Cinema in focus for community takeover
This article by Andrew Bibby, in a slightly different form, was first published by the Local Government Chronicle, 2011
One of the country's few municipally run cinemas may be about to be transferred into community ownership. The Picture House in the Pennine town of Hebden Bridge in Calderdale is a popular local facility, with a programming policy which combines Hollywood blockbusters and art house films with occasional live events.
Saved in the late 1960s from becoming a carpet warehouse when the then Urban District Council bought the building for about £6000, the Picture House attracts strong support in the town. Two hundred people packed into a local school hall in early March this year to discuss future plans for the cinema. Hebden Bridge is already one of the first towns in the country to have its Town Hall in community hands, following a pioneering asset transfer between Calderdale council and the newly established charitable trust Hebden Bridge Community Association a year ago.

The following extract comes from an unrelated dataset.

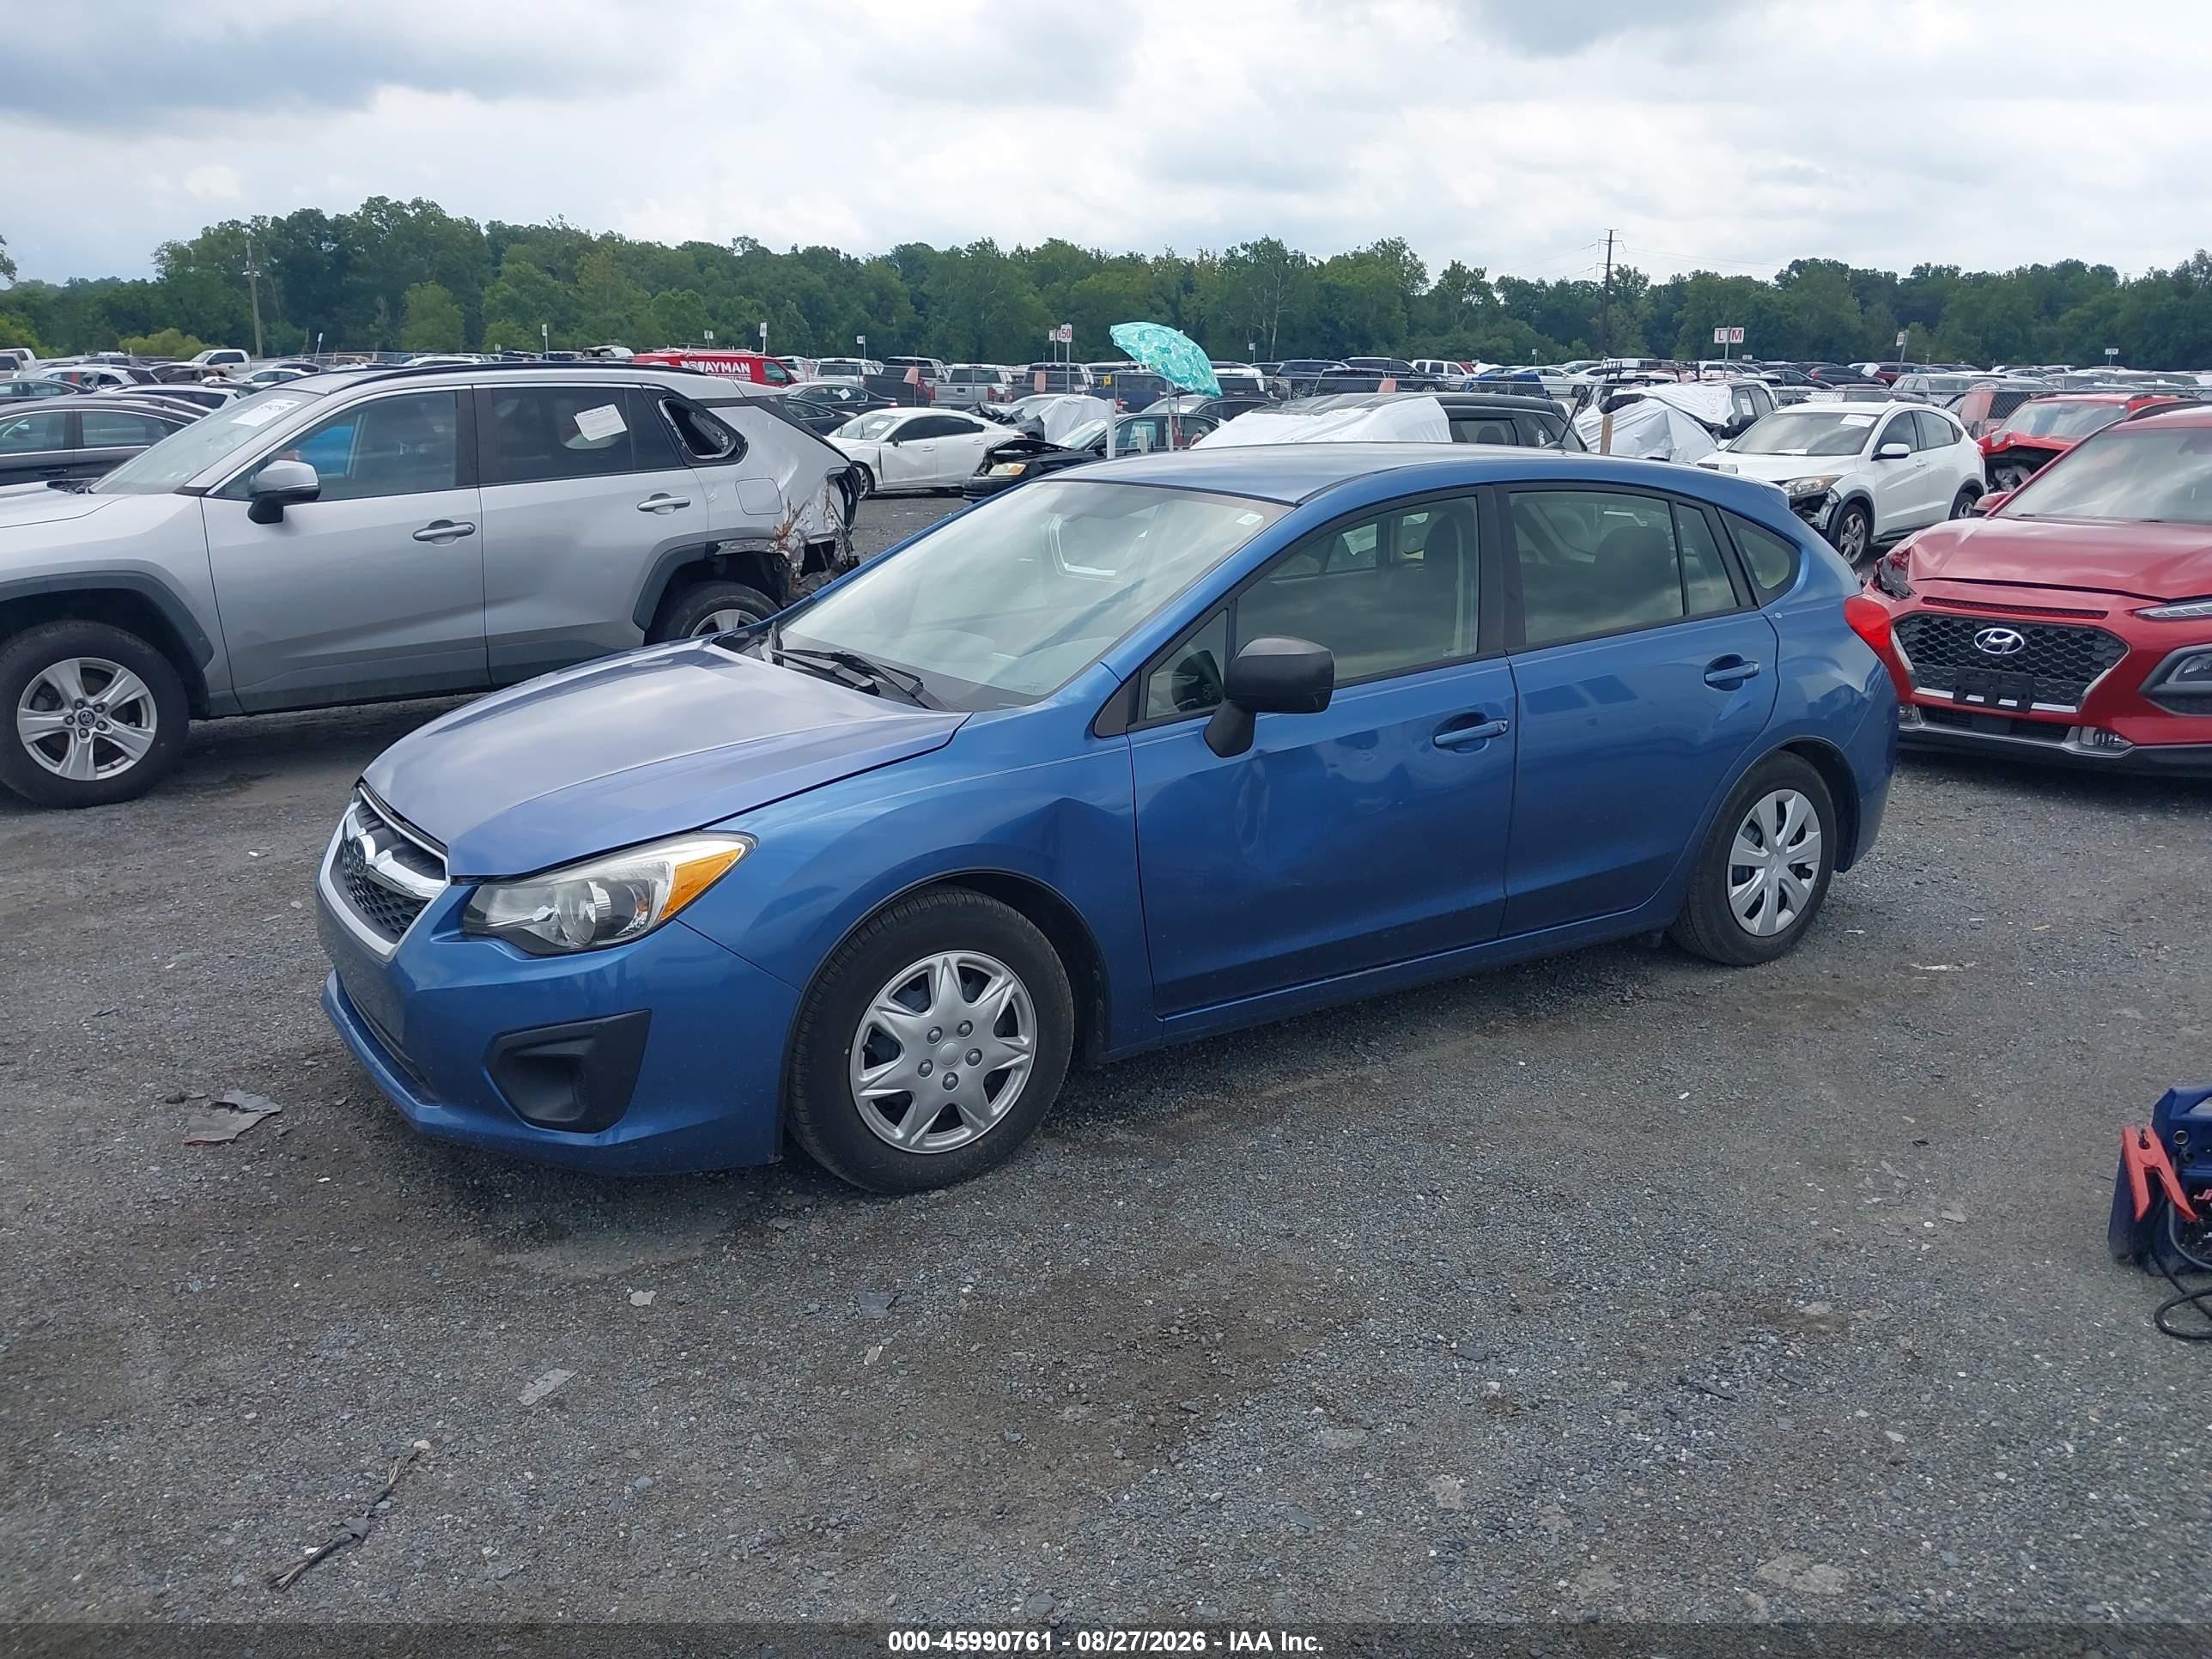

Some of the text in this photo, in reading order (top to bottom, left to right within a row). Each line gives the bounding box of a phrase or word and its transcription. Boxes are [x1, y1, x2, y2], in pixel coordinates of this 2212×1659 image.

[1061, 328, 1071, 338] 50
[1718, 330, 1742, 340] L M

Calderdale's leader Cllr Janet Battye who was at the recent meeting made it clear that the cinema was not under immediate threat. However, the council has been frank in stating that it is very unlikely to have funds available for the £400,000 of capital works deemed necessary in the next few years.
The proposal for asset transfer of the Picture House has been developed jointly by Hebden Royd Town Council and the Community Association, backed by four local parish councils and several community groups. Both lead partners see the potential of tapping into the creativity and energy of local people. Already, for example, some ideas for long-term improvements have been put forward.

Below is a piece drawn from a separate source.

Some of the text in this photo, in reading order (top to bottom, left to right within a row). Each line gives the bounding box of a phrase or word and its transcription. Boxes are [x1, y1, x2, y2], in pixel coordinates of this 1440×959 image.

There are also, at least potentially, opportunities to find new sources of funding. This has certainly been the experience at the Town Hall, where Hebden Bridge Community Association this week had confirmation that it had successfully obtained £3.2m of funding, including nearly £2m grants. The funding, from Communitybuilders and ERDF, will enable the construction of new community and small enterprise facilities.
However, the community partners know that they also have to ensure the successful management of the cinema, a £200,000 commercial operation. Any asset transfer is also likely to include TUPEing of several council employees.
For Peter Hirst, chair of the Association, the Town Hall experience has been encouraging. “The community has worked hard to breathe new life into our landmark Town Hall, and to attract substantial new funds. We'd probably rather that our public buildings remained in the stewardship of our council, but if asset transfer is necessary to save them that's what we'll have to do,” he says.